▸ GOAL OF THE EXERCISE
Set down each record below exactly as it stands. Pictures are not part of the copy.

▸ TASK MATERIAL
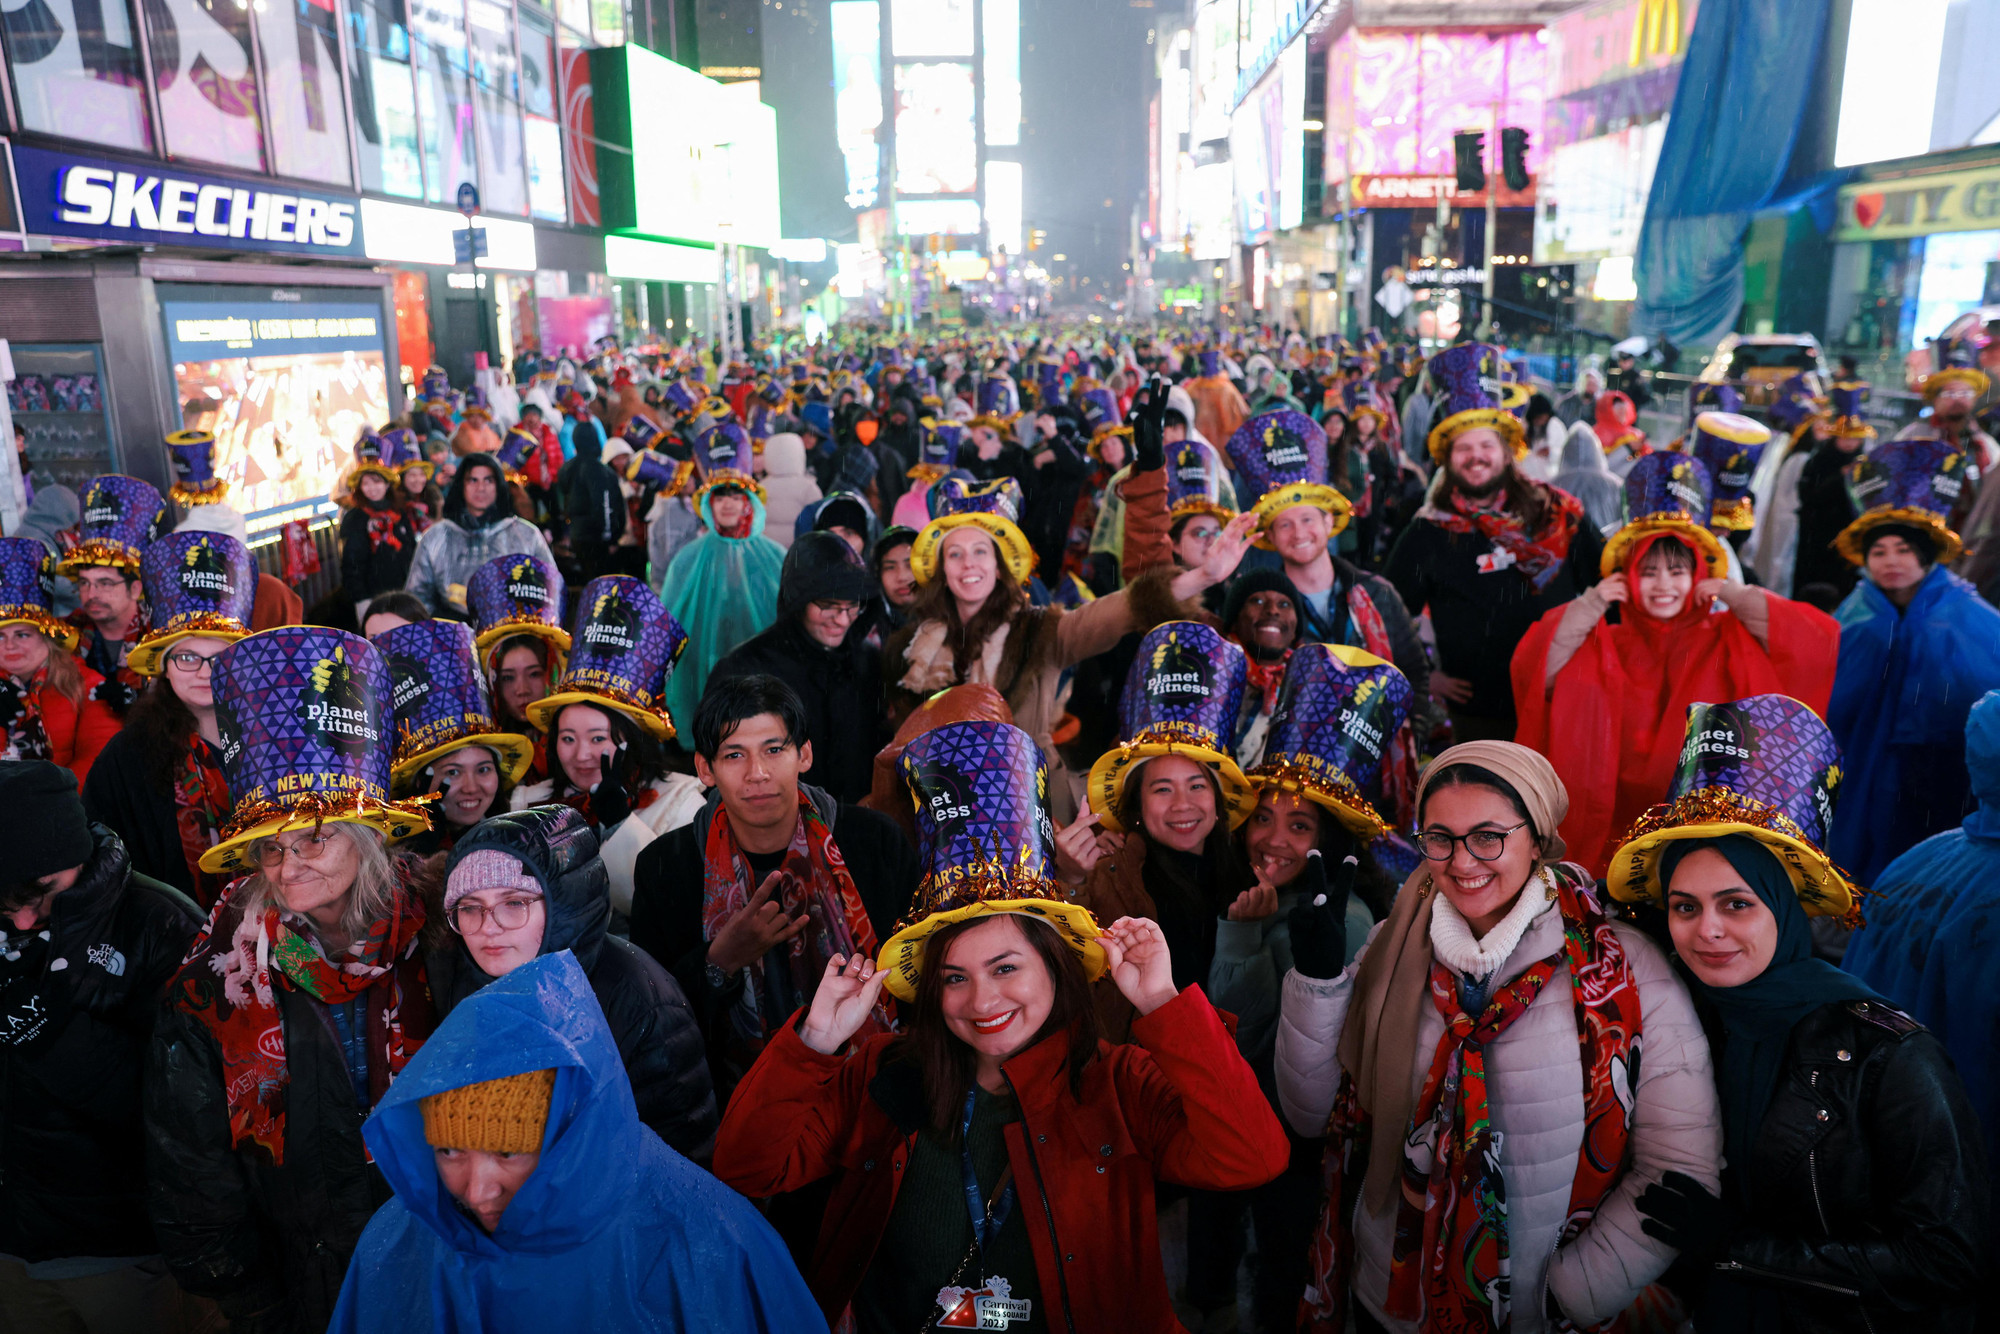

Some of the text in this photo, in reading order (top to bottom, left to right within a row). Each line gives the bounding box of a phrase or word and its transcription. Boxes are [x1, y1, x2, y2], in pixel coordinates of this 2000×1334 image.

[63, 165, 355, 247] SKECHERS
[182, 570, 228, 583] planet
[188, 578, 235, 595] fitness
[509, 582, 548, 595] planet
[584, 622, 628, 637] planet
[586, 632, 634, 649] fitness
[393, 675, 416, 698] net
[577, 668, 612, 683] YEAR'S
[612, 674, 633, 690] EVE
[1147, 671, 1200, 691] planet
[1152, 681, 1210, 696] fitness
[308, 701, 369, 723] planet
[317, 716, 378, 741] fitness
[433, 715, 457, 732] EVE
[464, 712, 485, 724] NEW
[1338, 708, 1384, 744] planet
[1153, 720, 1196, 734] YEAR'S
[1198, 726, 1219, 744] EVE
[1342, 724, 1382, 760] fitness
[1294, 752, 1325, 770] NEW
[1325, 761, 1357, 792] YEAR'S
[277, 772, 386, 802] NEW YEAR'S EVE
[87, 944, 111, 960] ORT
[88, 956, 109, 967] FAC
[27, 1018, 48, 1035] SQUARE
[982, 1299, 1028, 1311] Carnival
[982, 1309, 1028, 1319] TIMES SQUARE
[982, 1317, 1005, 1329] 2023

▸ COMPLETED TASK
Some of the text in this photo, in reading order (top to bottom, left to right within a row). Each line gives the bounding box of a phrase or word and its transcription. Boxes are [x1, y1, x2, y2], in pixel coordinates of this 2000×1334 image.

[63, 165, 355, 247] SKECHERS
[182, 570, 228, 583] planet
[188, 578, 235, 595] fitness
[509, 582, 548, 595] planet
[584, 622, 628, 637] planet
[586, 632, 634, 649] fitness
[393, 675, 416, 698] net
[577, 668, 612, 683] YEAR'S
[612, 674, 633, 690] EVE
[1147, 671, 1200, 691] planet
[1152, 681, 1210, 696] fitness
[308, 701, 369, 723] planet
[317, 716, 378, 741] fitness
[433, 715, 457, 732] EVE
[464, 712, 485, 724] NEW
[1338, 708, 1384, 744] planet
[1153, 720, 1196, 734] YEAR'S
[1198, 726, 1219, 744] EVE
[1342, 724, 1382, 760] fitness
[1294, 752, 1325, 770] NEW
[1325, 761, 1357, 792] YEAR'S
[277, 772, 386, 802] NEW YEAR'S EVE
[87, 944, 111, 960] ORT
[88, 956, 109, 967] FAC
[27, 1018, 48, 1035] SQUARE
[982, 1299, 1028, 1311] Carnival
[982, 1309, 1028, 1319] TIMES SQUARE
[982, 1317, 1005, 1329] 2023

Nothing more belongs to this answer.